Intervention de Morgan Marietti

Délégation sénatoriale aux entreprises — Réunion du 1er octobre 2015 : 1ère réunion
Table-ronde n° 2 : témoignages concrets sur le défi d'une relance de l'apprentissage en entreprise

Morgan Marietti, délégué général de l'ANAF :

Les apprentis ont rarement la parole pour débattre des sujets qui les concernent, comme l'organisation de l'apprentissage, la formation, le financement, la pédagogie et la vision de l'entreprise. L'Association nationale des apprentis de France, que j'ai contribué à fonder en 2010, a pour but de donner aux jeunes la possibilité de se faire entendre. Les apprentis sont les grands absents des débats préliminaires aux élections régionales. Actuellement, aucune structure démocratique n'est organisée dans les CFA ou sur le plan régional. Ainsi, je trépignais sur mon siège lors de la première table-ronde : j'avais des propositions et des expériences réussies à partager !

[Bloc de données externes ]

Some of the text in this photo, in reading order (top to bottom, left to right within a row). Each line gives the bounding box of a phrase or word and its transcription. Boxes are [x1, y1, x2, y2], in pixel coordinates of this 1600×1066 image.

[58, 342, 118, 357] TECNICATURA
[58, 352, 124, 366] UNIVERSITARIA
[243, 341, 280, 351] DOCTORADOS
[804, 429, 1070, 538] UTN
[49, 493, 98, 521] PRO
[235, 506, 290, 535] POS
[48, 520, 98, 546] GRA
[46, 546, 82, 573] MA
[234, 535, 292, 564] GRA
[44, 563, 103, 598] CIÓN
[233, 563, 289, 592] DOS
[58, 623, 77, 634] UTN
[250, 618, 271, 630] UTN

Depuis vingt ans, les gouvernements successifs n'ont eu aucune stratégie sur l'apprentissage, aucune vision, faute de connaissance du secteur et en raison d'une opposition politique entre le tout-économie et le tout-éducatif, à l'instar de l'opposition entre le modèle allemand et le modèle français. La France pourrait construire son modèle en conciliant les deux. Les politiques n'ont jamais mis les mains dans la pédagogie : jamais un candidat à la présidentielle, aux régionales ou un élu n'a décidé de s'y investir. La formation au sein de l'Éducation nationale est insuffisante, le système ne tient que par le militantisme et le travail hors norme des personnels et directeurs de CFA qui sont insuffisamment soutenus. L'ANAF se bat au quotidien pour les aider, mais il n'existe aucun organisme de formation pour faire évoluer les formateurs et les CFA, hormis dans certaines régions, ce qui est inacceptable. Les publics, les entreprises et les familles ont changé !

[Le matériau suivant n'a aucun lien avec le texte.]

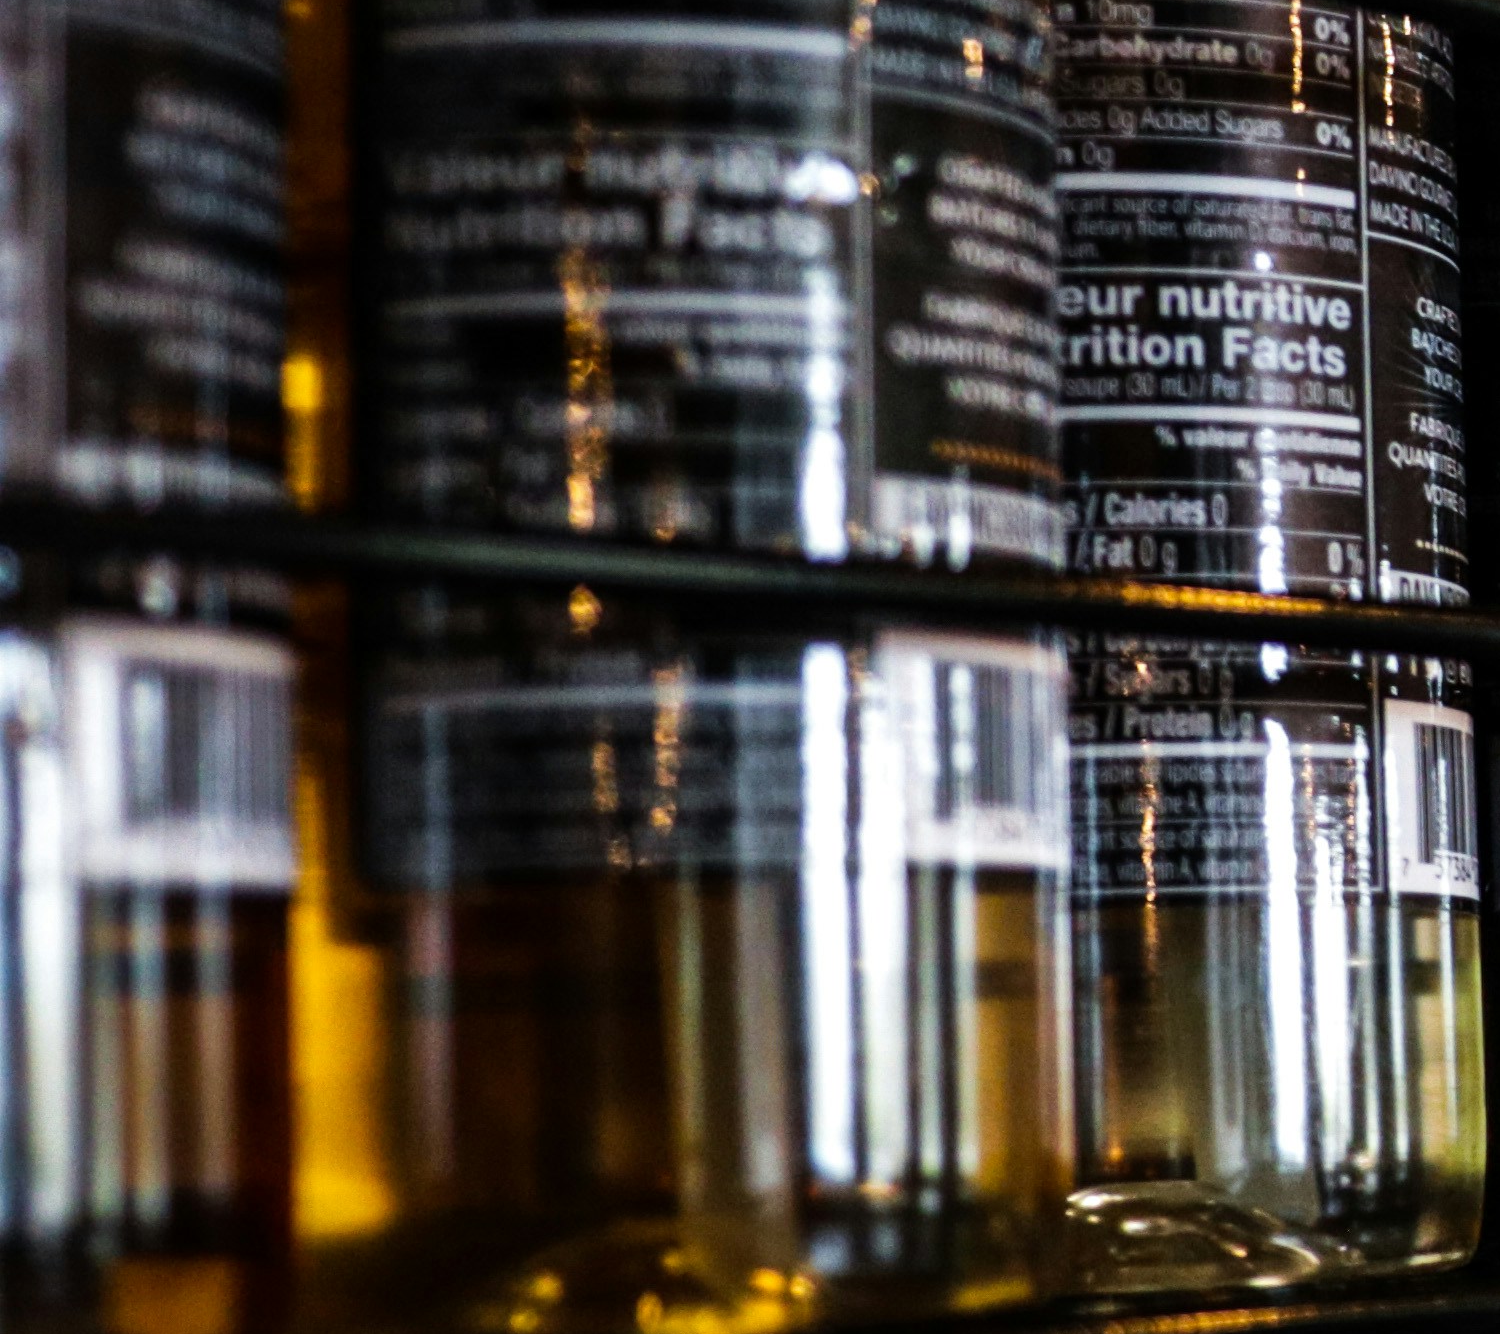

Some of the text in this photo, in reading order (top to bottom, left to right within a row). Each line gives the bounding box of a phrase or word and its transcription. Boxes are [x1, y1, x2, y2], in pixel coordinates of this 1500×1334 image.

[1314, 17, 1350, 46] 0%
[1244, 41, 1350, 80] 0g 0%
[1107, 105, 1352, 151] 0g Added Sugars 0%
[1080, 140, 1116, 173] 0g
[1158, 279, 1351, 331] nutritive
[1222, 327, 1347, 377] Facts
[1211, 376, 1242, 400] Per
[1182, 427, 1248, 448] valeur
[1313, 463, 1362, 489] Value
[1104, 492, 1207, 526] Calories
[1092, 535, 1135, 567] Fat

En moyenne, 25 % des contrats sont rompus avant leur terme, et la moitié des entreprises ne veulent plus jamais prendre d'apprenti. Mieux vaudrait lutter contre ce phénomène que de se fixer comme objectif d'atteindre un nombre d'un million d'apprentis en cinq ans. Cela dit, la région Île-de-France a mis en place depuis cinq ans un système de qualité grâce auquel la proportion de contrats rompus est passée en-dessous de 5 %. La clef est une pédagogie proactive, qui met le jeune à même de répondre aux besoins de l'entreprise tout en défendant les valeurs éducatives.

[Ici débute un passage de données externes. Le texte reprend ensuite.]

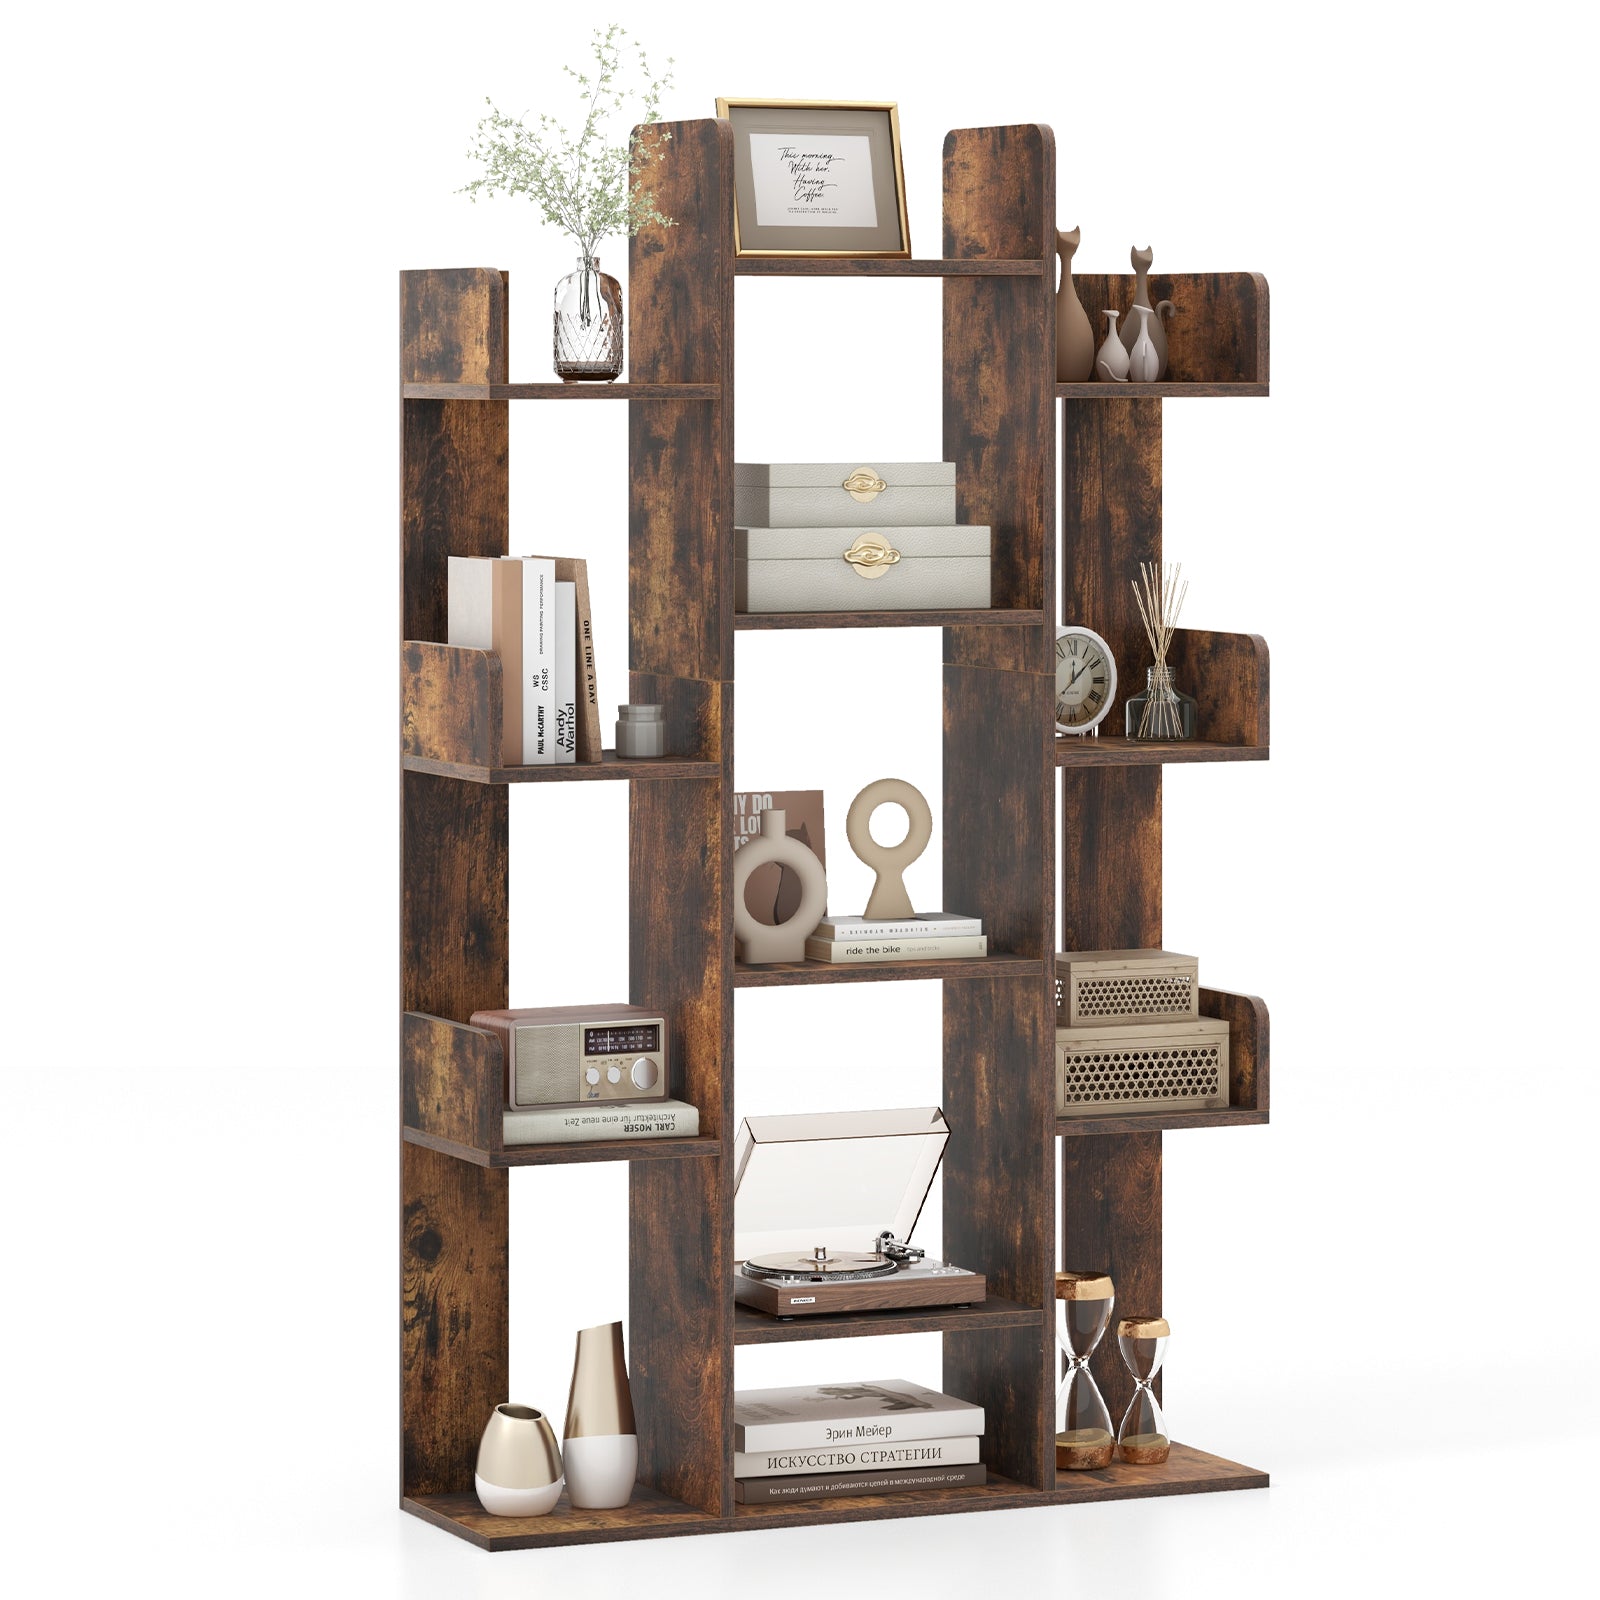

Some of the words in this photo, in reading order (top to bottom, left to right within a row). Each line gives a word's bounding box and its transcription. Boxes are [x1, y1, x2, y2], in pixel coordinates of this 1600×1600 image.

[778, 147, 799, 160] This
[788, 158, 813, 175] With
[793, 172, 838, 191] Having
[583, 620, 591, 641] ONE
[585, 646, 593, 670] LINE
[532, 674, 540, 688] WS
[541, 668, 549, 691] CSSC
[588, 684, 596, 705] DAY
[556, 709, 568, 747] Andy
[565, 702, 575, 754] Warhol
[537, 739, 545, 755] PAUL
[752, 794, 773, 815] DO
[846, 947, 863, 955] ride
[866, 946, 880, 954] the
[882, 945, 901, 953] bike
[564, 1118, 580, 1126] Zeit
[602, 1115, 619, 1123] eine
[620, 1115, 631, 1124] für
[633, 1113, 676, 1121] Architektur
[624, 1123, 652, 1133] MOSER
[655, 1122, 676, 1131] CARL
[826, 1427, 853, 1442] Эрин
[855, 1424, 892, 1438] Мейер
[767, 1452, 856, 1469] ИСКУССТВО
[860, 1447, 942, 1463] СТРАТЕГИИ
[800, 1485, 824, 1493] думают
[830, 1482, 868, 1491] добиваются
[869, 1478, 889, 1488] целей
[894, 1475, 946, 1485] международной
[946, 1474, 966, 1482] среде

Vous avez raison, la taxe d'apprentissage doit revenir à l'apprentissage. Mais vous n'arriverez pas à sortir l'apprentissage du giron de l'Éducation nationale. Le problème est plutôt de nature culturelle : un mur sépare les formateurs, qui craignent que l'entreprise exploite le jeune, des entreprises, pour lesquelles celui-ci doit avant tout être rentable. Il faut trouver un équilibre. La formation doit répondre aux besoins à court terme d'entreprise tout en faisant du jeune un citoyen -ce qui rassurera les formateurs.